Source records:
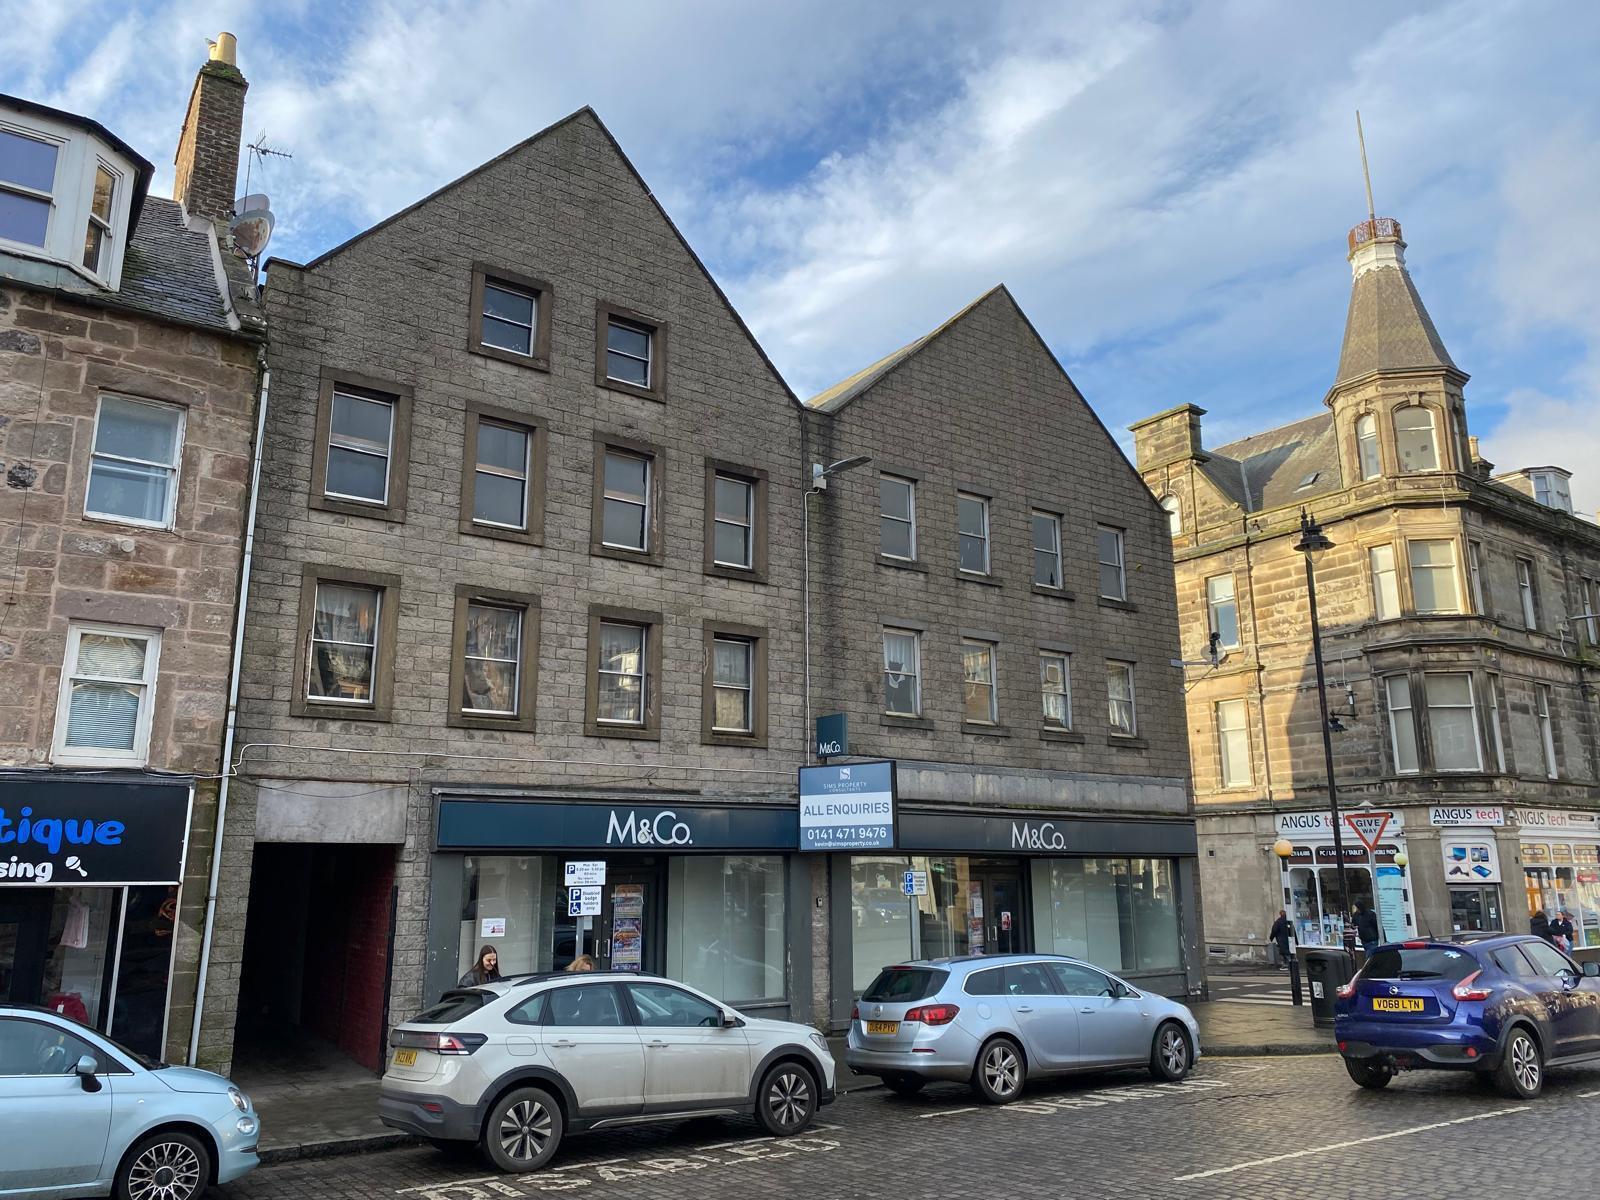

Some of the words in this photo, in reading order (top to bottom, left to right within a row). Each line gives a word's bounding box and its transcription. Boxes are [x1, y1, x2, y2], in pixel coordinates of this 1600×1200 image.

[837, 781, 867, 789] PROPERTY
[803, 805, 824, 817] ALL
[826, 802, 890, 816] ENQUIRIES
[1433, 808, 1472, 820] ANGUS
[1476, 808, 1500, 820] tech
[1281, 815, 1321, 829] ANGUS
[1356, 819, 1380, 827] GIVE
[1515, 811, 1545, 825] ANGUS
[1547, 813, 1566, 826] tech
[606, 810, 693, 845] M&Co.
[807, 829, 833, 840] 0141
[836, 828, 856, 839] 471
[858, 827, 887, 839] 9476
[1011, 821, 1067, 850] M&Co.
[1377, 999, 1400, 1009] VO68
[1402, 999, 1420, 1009] LTN
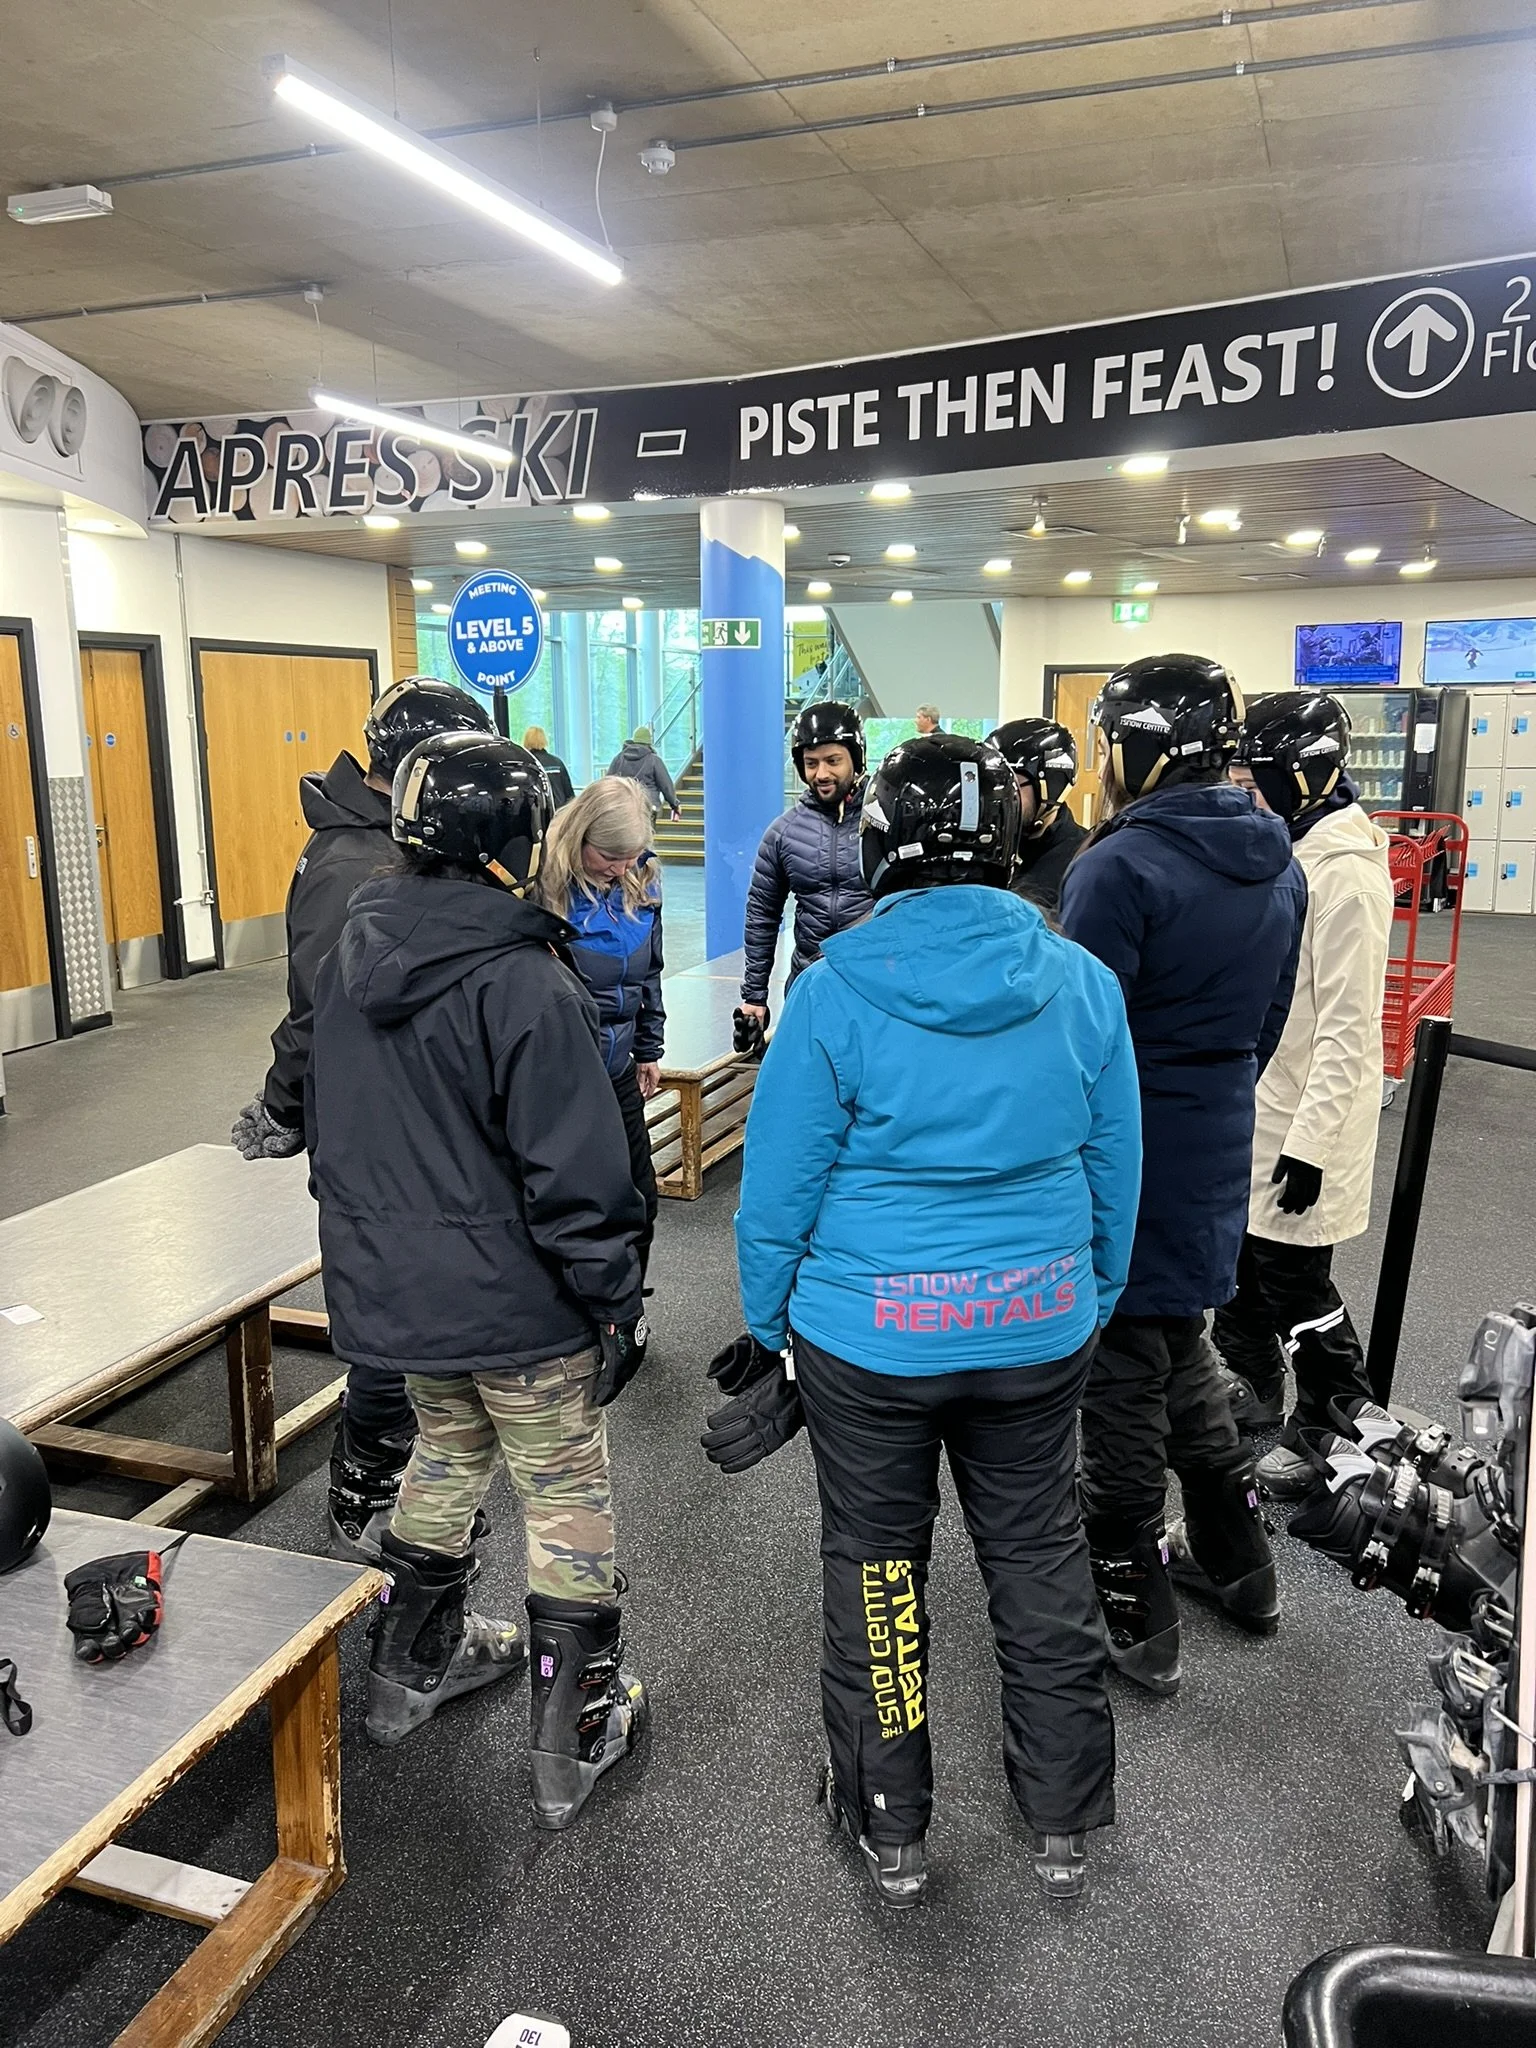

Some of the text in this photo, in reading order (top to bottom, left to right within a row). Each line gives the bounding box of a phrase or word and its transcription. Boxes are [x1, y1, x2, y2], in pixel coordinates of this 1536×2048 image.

§ What you should do
Write out all the entries word for word, but skip any images.

§ Solution for this exercise
Some of the words in this photo, in reading order (top to bottom, left to right within a row). Each line gives a word's bounding box and its transcription. Boxes are [x1, y1, x2, y2], in pixel coordinates of this 1600×1200 image.

[837, 781, 867, 789] PROPERTY
[803, 805, 824, 817] ALL
[826, 802, 890, 816] ENQUIRIES
[1433, 808, 1472, 820] ANGUS
[1476, 808, 1500, 820] tech
[1281, 815, 1321, 829] ANGUS
[1356, 819, 1380, 827] GIVE
[1515, 811, 1545, 825] ANGUS
[1547, 813, 1566, 826] tech
[606, 810, 693, 845] M&Co.
[807, 829, 833, 840] 0141
[836, 828, 856, 839] 471
[858, 827, 887, 839] 9476
[1011, 821, 1067, 850] M&Co.
[1377, 999, 1400, 1009] VO68
[1402, 999, 1420, 1009] LTN

Some of the text in this photo, in reading order (top to bottom, left to right within a row). Each line gives the bounding box of a phrase or word and its transcription. Boxes are [x1, y1, x2, y2], in pixel coordinates of this 1536×2048 image.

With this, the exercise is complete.